Intraoperative brain tumor classification via laser-induced fluorescence spectroscopy and machine learning

J Neurosurg 143:313–322, 2025

A laser-based device, TumorID, combined with machine learning, rapidly and nondestructively classifies brain tumor tissue intraoperatively. Tested on 46 patients, it distinguished glioma, meningioma, pituitary adenoma, and normal tissue with high accuracy, offering potential to improve neurosurgical decision-making and outcomes

• TumorID is a laser-induced endogenous fluorescence spectroscopy device paired with machine learning for rapid intraoperative brain tumor classification.
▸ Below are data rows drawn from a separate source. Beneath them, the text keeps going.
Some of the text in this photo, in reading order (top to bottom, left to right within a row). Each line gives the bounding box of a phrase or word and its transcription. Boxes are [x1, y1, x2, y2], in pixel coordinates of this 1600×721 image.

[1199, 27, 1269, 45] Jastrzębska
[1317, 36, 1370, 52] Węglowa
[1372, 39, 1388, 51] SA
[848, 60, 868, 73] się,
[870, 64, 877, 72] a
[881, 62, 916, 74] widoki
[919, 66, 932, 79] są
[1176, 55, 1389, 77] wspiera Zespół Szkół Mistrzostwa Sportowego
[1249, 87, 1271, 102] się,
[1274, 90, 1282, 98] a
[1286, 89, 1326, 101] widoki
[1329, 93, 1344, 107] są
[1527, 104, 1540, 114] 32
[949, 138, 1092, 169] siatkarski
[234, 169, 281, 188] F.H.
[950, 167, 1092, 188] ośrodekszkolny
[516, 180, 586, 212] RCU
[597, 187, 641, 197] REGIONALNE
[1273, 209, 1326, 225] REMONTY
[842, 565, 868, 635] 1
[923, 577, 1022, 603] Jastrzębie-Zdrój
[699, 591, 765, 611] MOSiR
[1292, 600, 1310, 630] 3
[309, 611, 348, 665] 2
• It distinguishes glioma, meningioma, pituitary adenoma, and nonneoplastic tissue in near real time using a 405-nm laser and support vector machine (SVM) algorithm.

• The device requires only 0.5 seconds per scan and does not damage tissue.

• In a study of 46 patients and 761 scans, TumorID achieved a multiclass AUROC of 0.809, demonstrating high classification accuracy.

• Neutral porphyrin emission regions were most significant for tissue differentiation.

• TumorID offers objective, fast, and nondestructive tissue diagnostics, potentially improving surgical decision-making and resection outcomes.

• Future directions include in vivo use, prediction of tumor subtypes and genetics, and integration with other data sources for improved accuracy.